Background:
I want to use regular expressions to search for a keyword. However, my keyword has multiple synonyms. For example, the keyword positive
can have the following words that I consider as equal to positive
: "+", "pos", "POS", "Positive", "POSITIVE"
I've tried looking Create a dataframe with NLTK synonyms and http://www.nltk.org/howto/wordnet.html but I don't think it is quite what I am looking for
Goals:
1) create synonyms for a given keyword (e.g. positive
)
2) search for a keyword (e.g. positive
) in a corpus using regular expressions
Example:
toy_corpus = 'patient is POS which makes them ideal to treatment '
I think the steps to getting this would look something like this:
1) define synonyms for the positive
e.g. positive
= ["pos", "POS", "Positive", "POSITIVE", "+"]

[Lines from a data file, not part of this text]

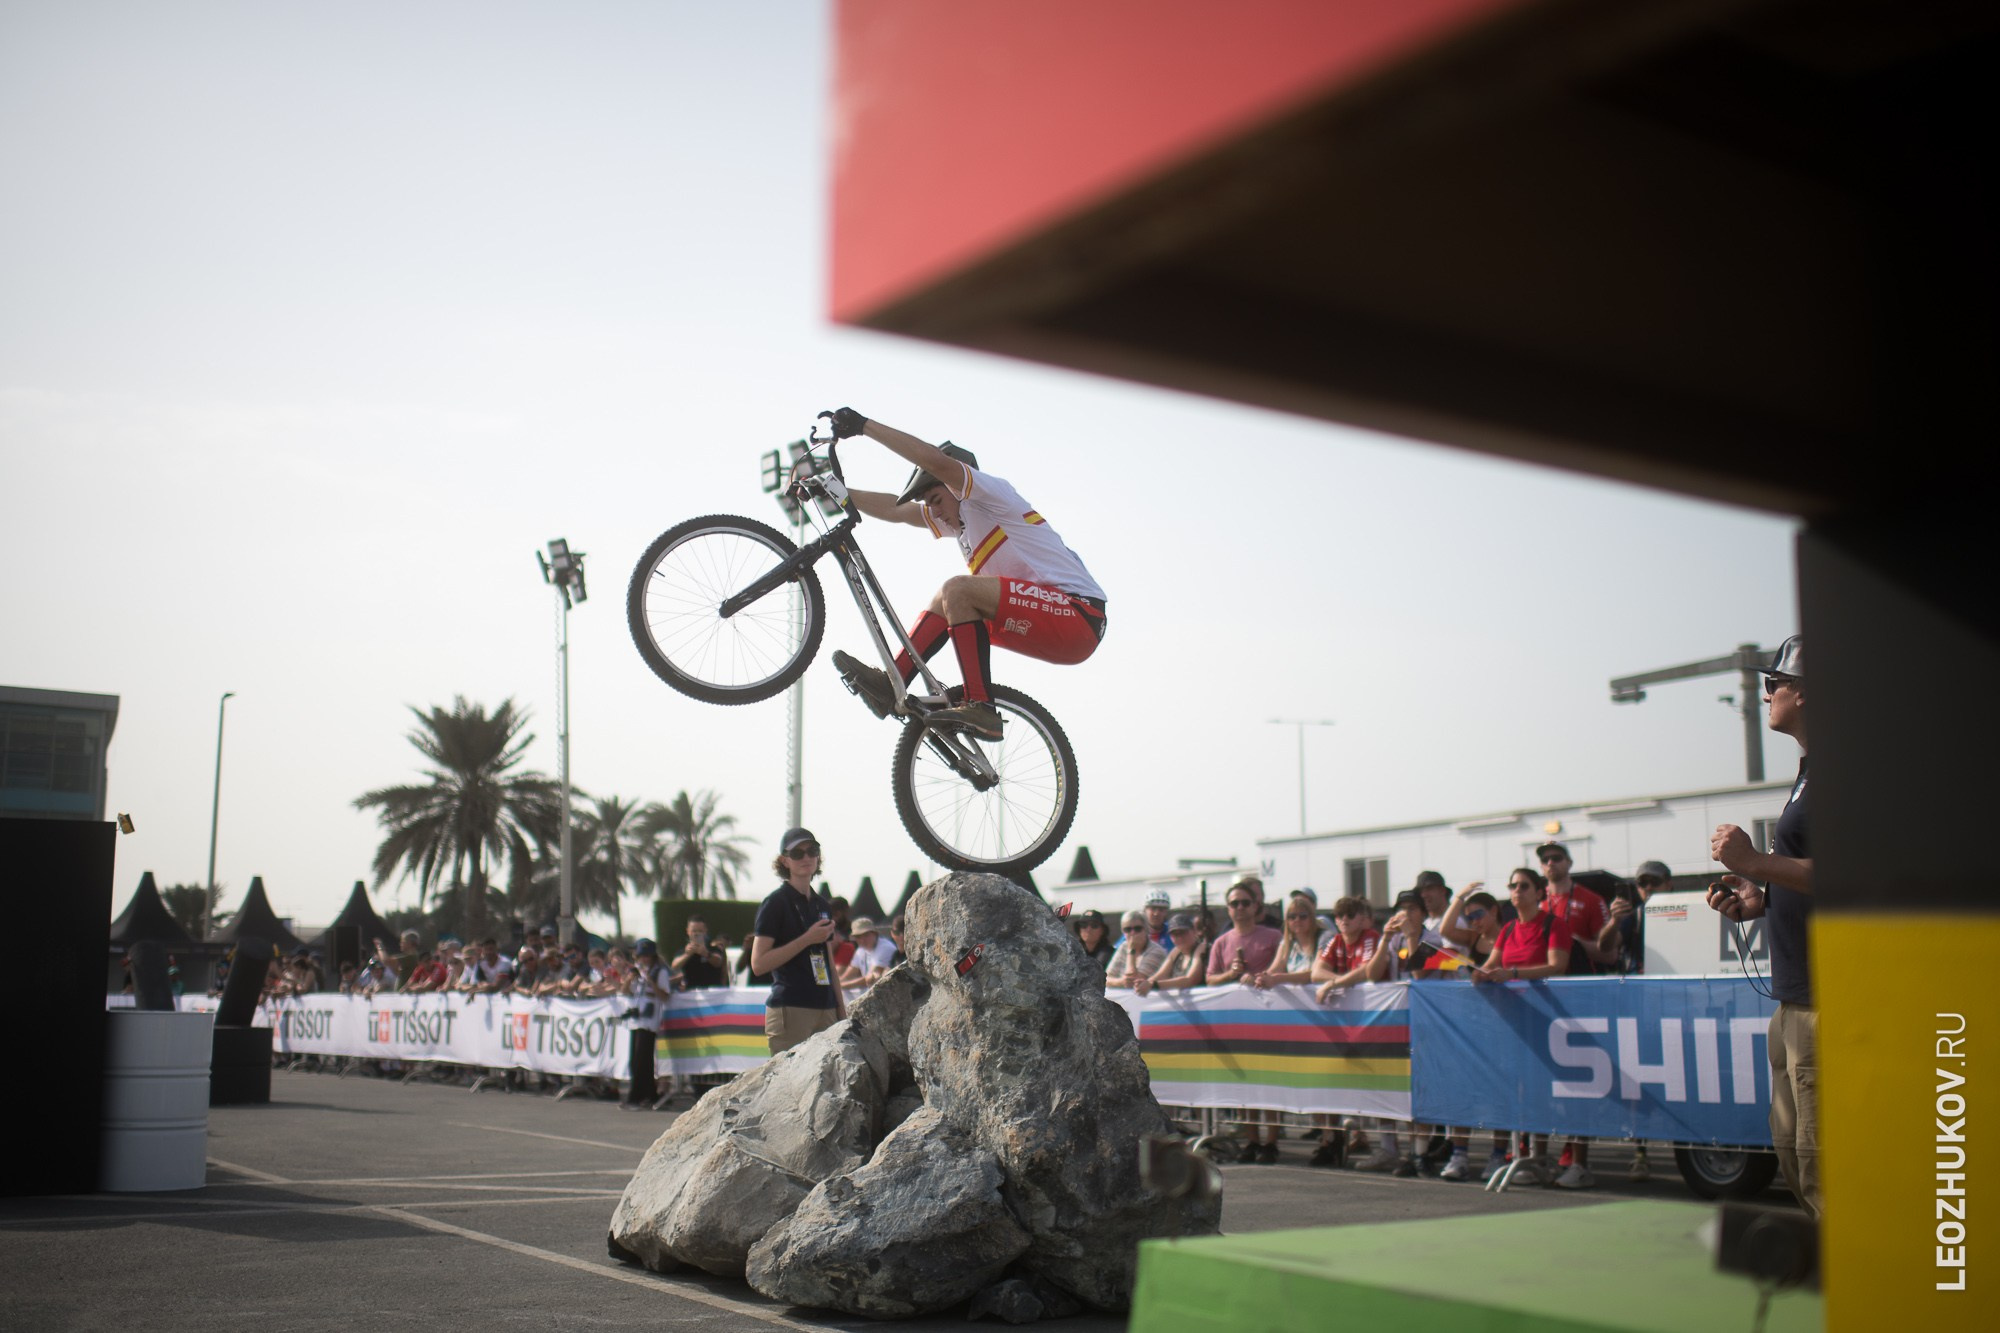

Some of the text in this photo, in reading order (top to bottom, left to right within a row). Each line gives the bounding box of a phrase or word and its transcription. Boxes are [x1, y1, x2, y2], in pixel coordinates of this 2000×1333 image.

[1008, 597, 1038, 609] BIKE
[1645, 905, 1688, 914] GENERAC
[284, 1010, 333, 1040] TISSOT
[392, 1011, 457, 1044] TISSOT
[532, 1014, 622, 1058] TISSOT
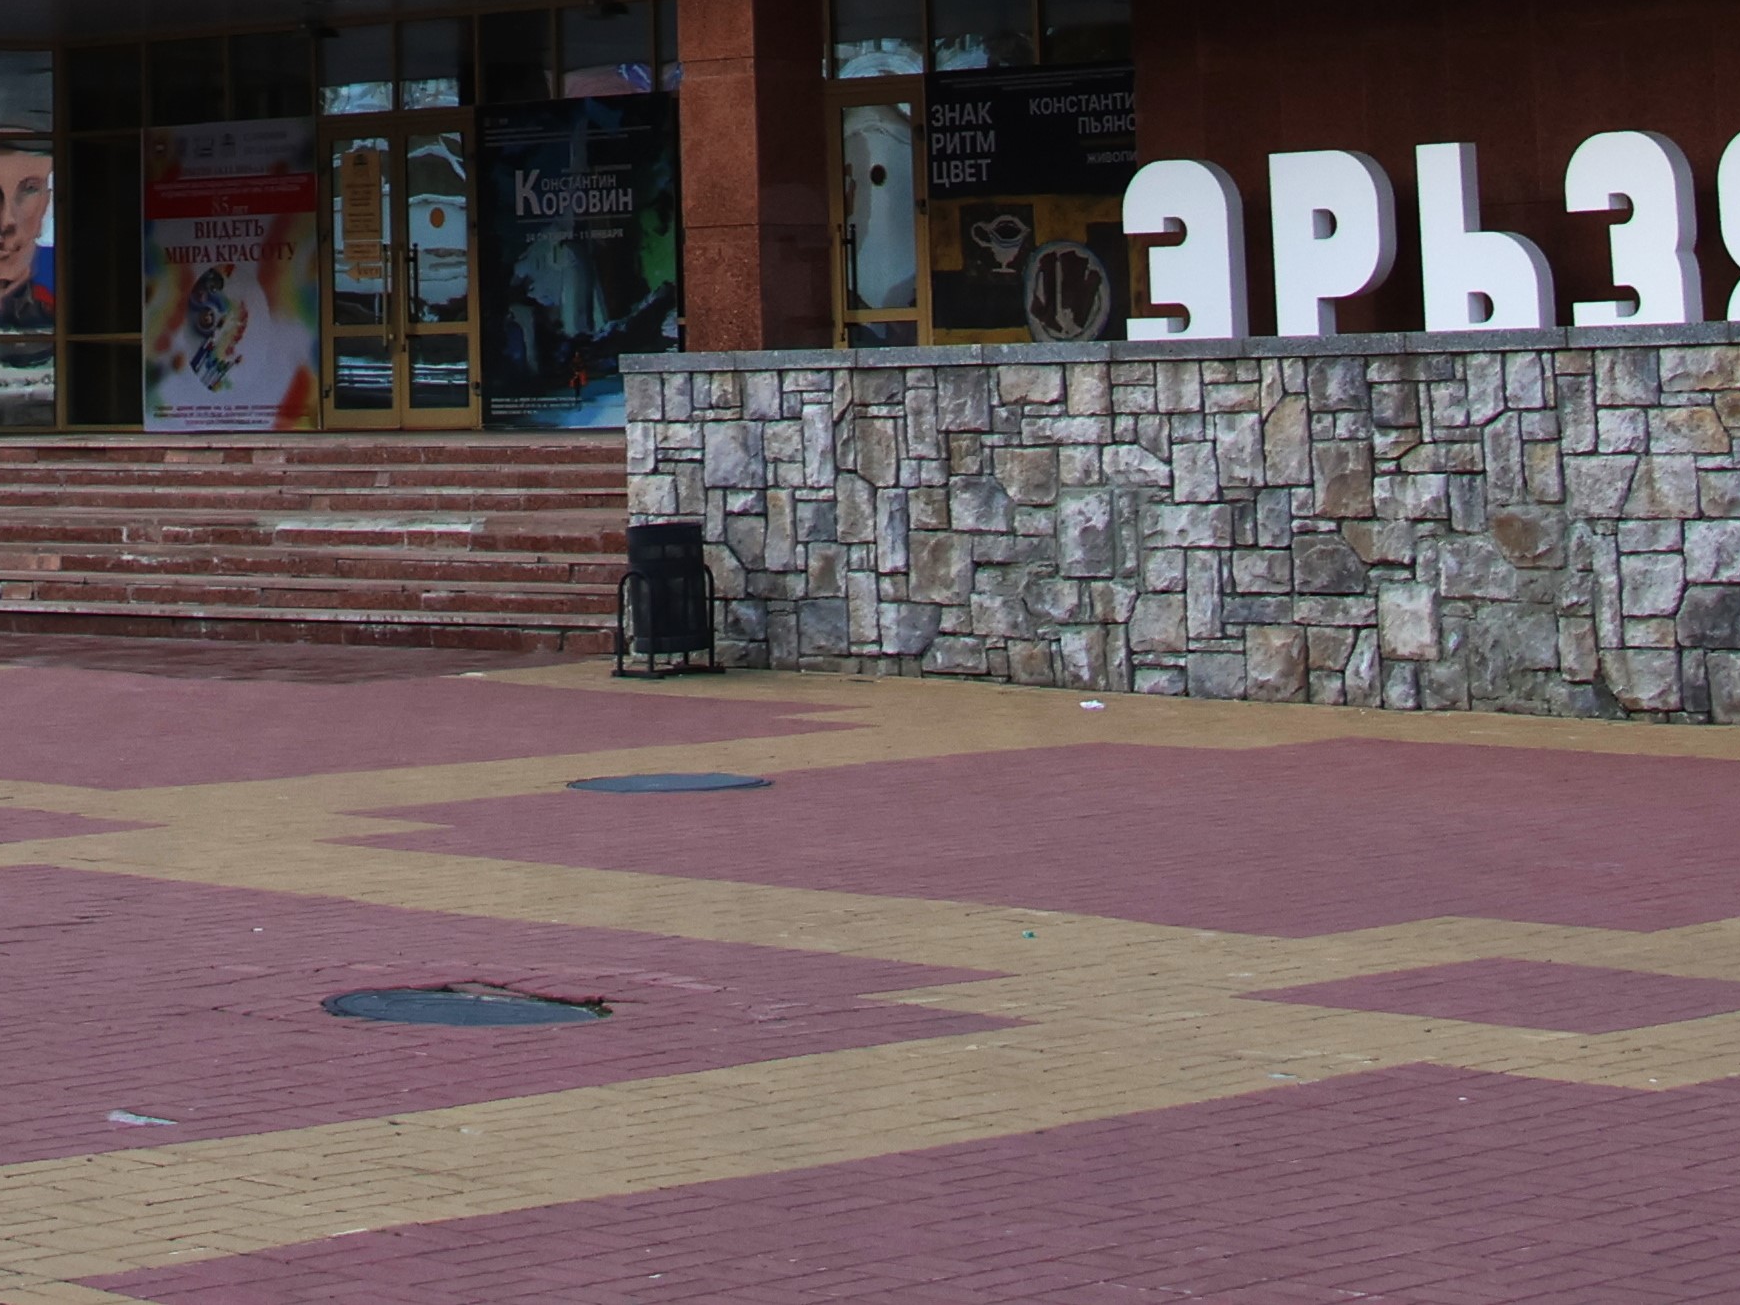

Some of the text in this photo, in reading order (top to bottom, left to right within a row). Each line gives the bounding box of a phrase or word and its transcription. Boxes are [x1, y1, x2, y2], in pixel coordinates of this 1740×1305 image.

2) use regular expression to find the keyword POS
Question
How do I go about achieving this?
Try it:
import re
question = "patient is POS which makes them ideal to treatment. And the the positive"
find=["pos","POS","positive"]
words=re.findall("\n+",question)
result = [words for words in find if words in question.split()]
print(result)
['POS', 'positive']
Where \n is a word boundary. Wiki: word boundary More examples: stackoverflow.com Best Regards!